TASK DIRECTIONS: Every entry should be given again exactly, with nothing dropped.

===============

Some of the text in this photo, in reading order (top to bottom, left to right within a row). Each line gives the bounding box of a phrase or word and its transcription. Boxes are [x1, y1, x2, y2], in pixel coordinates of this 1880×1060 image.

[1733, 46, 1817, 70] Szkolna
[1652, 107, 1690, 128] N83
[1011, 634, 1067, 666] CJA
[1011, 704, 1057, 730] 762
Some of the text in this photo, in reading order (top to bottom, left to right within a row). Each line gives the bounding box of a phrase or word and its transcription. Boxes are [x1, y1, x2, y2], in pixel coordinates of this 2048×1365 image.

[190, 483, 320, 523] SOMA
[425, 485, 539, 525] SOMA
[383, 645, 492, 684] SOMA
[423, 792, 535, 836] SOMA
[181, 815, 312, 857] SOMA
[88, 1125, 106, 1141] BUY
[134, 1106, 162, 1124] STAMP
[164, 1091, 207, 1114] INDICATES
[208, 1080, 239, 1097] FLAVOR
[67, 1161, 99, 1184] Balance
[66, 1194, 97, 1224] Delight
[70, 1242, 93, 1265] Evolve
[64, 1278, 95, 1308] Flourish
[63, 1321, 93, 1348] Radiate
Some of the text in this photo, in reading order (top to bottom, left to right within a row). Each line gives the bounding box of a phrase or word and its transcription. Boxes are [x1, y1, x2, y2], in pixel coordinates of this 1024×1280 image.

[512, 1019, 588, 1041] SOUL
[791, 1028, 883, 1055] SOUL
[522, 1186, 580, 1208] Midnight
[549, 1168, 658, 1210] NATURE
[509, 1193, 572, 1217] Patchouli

===============

RESPONSE TO THE EXERCISE:
Some of the text in this photo, in reading order (top to bottom, left to right within a row). Each line gives the bounding box of a phrase or word and its transcription. Boxes are [x1, y1, x2, y2], in pixel coordinates of this 1880×1060 image.

[1733, 46, 1817, 70] Szkolna
[1652, 107, 1690, 128] N83
[1011, 634, 1067, 666] CJA
[1011, 704, 1057, 730] 762
Some of the text in this photo, in reading order (top to bottom, left to right within a row). Each line gives the bounding box of a phrase or word and its transcription. Boxes are [x1, y1, x2, y2], in pixel coordinates of this 2048×1365 image.

[190, 483, 320, 523] SOMA
[425, 485, 539, 525] SOMA
[383, 645, 492, 684] SOMA
[423, 792, 535, 836] SOMA
[181, 815, 312, 857] SOMA
[88, 1125, 106, 1141] BUY
[134, 1106, 162, 1124] STAMP
[164, 1091, 207, 1114] INDICATES
[208, 1080, 239, 1097] FLAVOR
[67, 1161, 99, 1184] Balance
[66, 1194, 97, 1224] Delight
[70, 1242, 93, 1265] Evolve
[64, 1278, 95, 1308] Flourish
[63, 1321, 93, 1348] Radiate
Some of the text in this photo, in reading order (top to bottom, left to right within a row). Each line gives the bounding box of a phrase or word and its transcription. Boxes are [x1, y1, x2, y2], in pixel coordinates of this 1024×1280 image.

[512, 1019, 588, 1041] SOUL
[791, 1028, 883, 1055] SOUL
[522, 1186, 580, 1208] Midnight
[549, 1168, 658, 1210] NATURE
[509, 1193, 572, 1217] Patchouli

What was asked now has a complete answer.